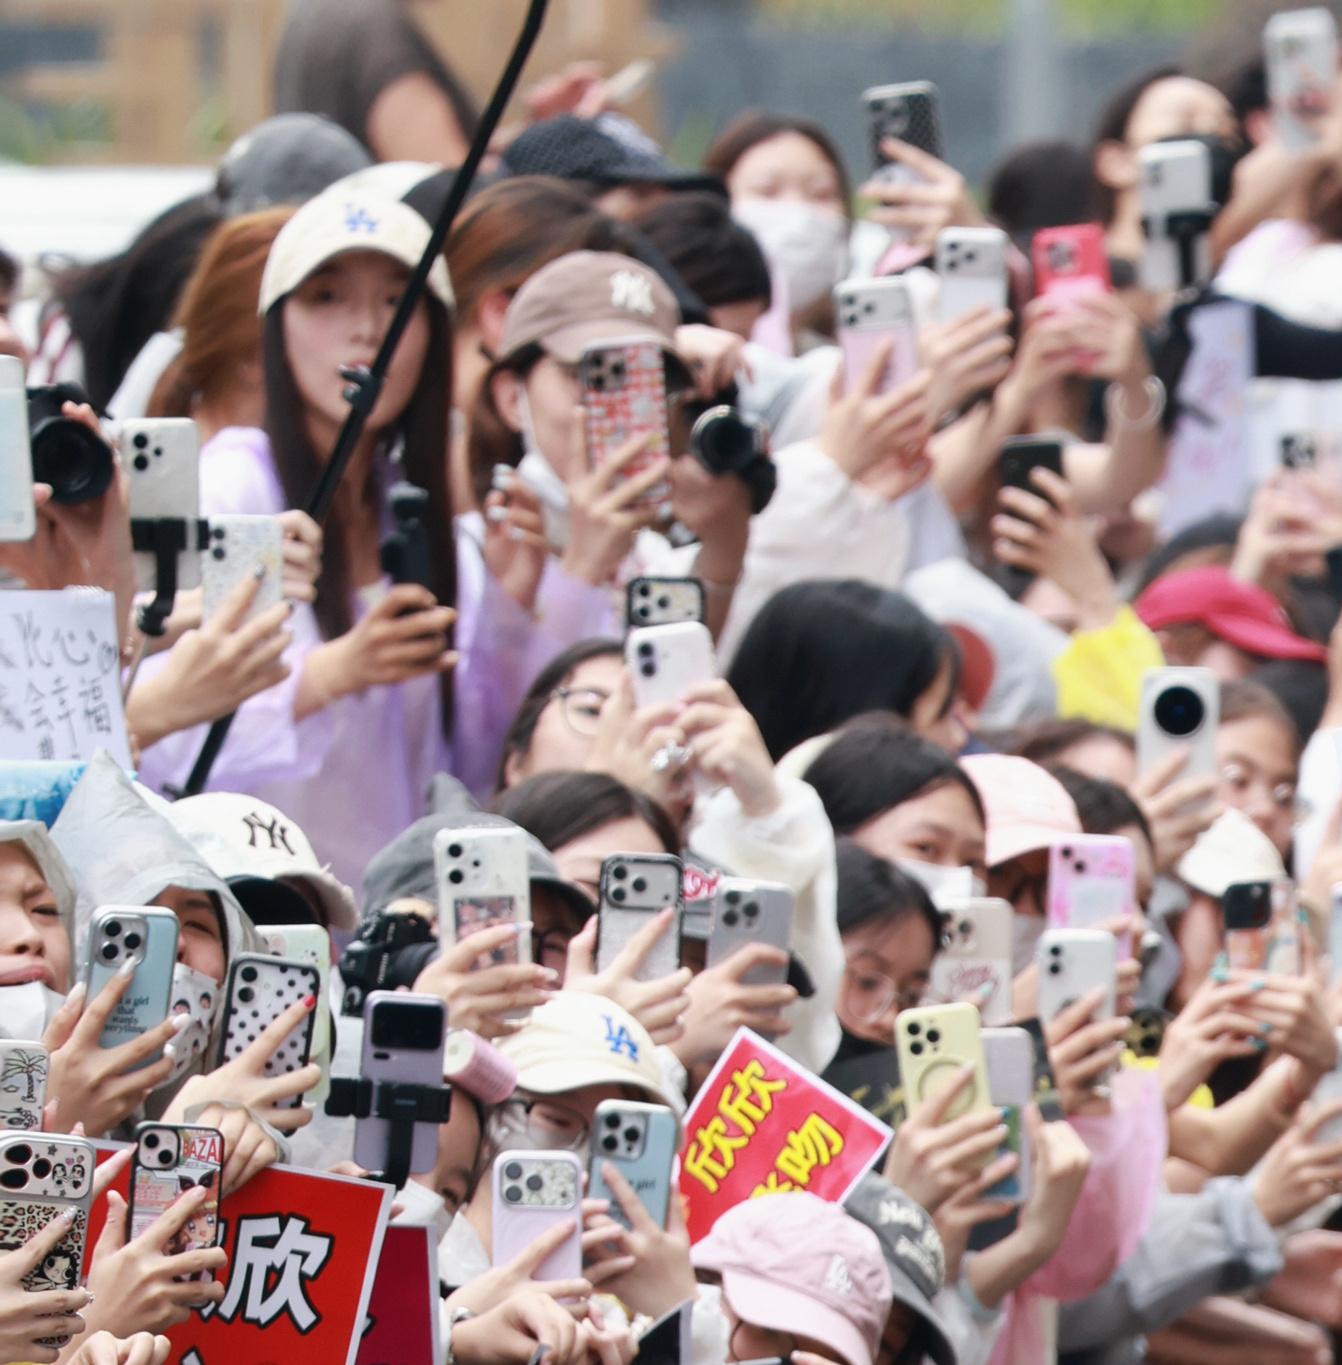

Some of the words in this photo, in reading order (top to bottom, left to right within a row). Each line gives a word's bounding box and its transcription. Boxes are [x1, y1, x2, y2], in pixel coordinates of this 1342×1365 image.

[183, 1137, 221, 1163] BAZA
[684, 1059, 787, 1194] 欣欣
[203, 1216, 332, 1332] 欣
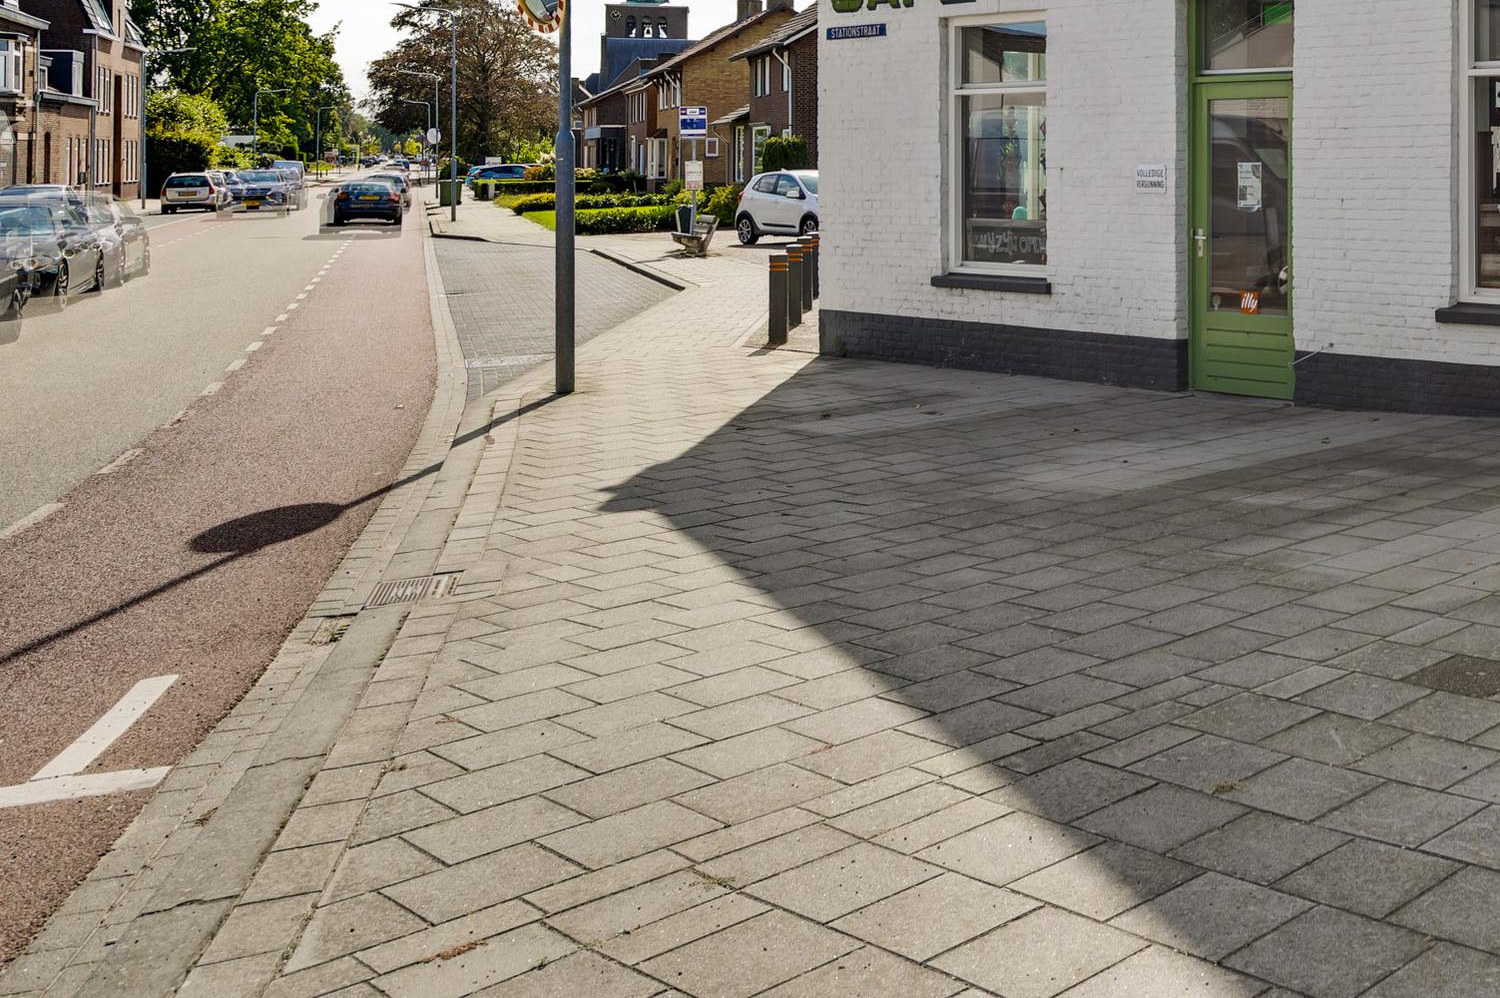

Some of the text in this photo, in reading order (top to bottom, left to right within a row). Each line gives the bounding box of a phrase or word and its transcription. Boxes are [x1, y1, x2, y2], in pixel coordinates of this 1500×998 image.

····················

● What is needed: Your task is to transcribe all of the records precisely, with no images included.

● Answer for the task:
Some of the words in this photo, in reading order (top to bottom, left to right within a row). Each line gives a word's bounding box and its transcription. Boxes are [x1, y1, x2, y2], in pixel coordinates of this 1342×1365 image.

[183, 1137, 221, 1163] BAZA
[684, 1059, 787, 1194] 欣欣
[203, 1216, 332, 1332] 欣

Some of the text in this photo, in reading order (top to bottom, left to right within a row). Each line gives the bounding box of a phrase or word and its transcription. Boxes are [x1, y1, x2, y2], in pixel coordinates of this 1500×998 image.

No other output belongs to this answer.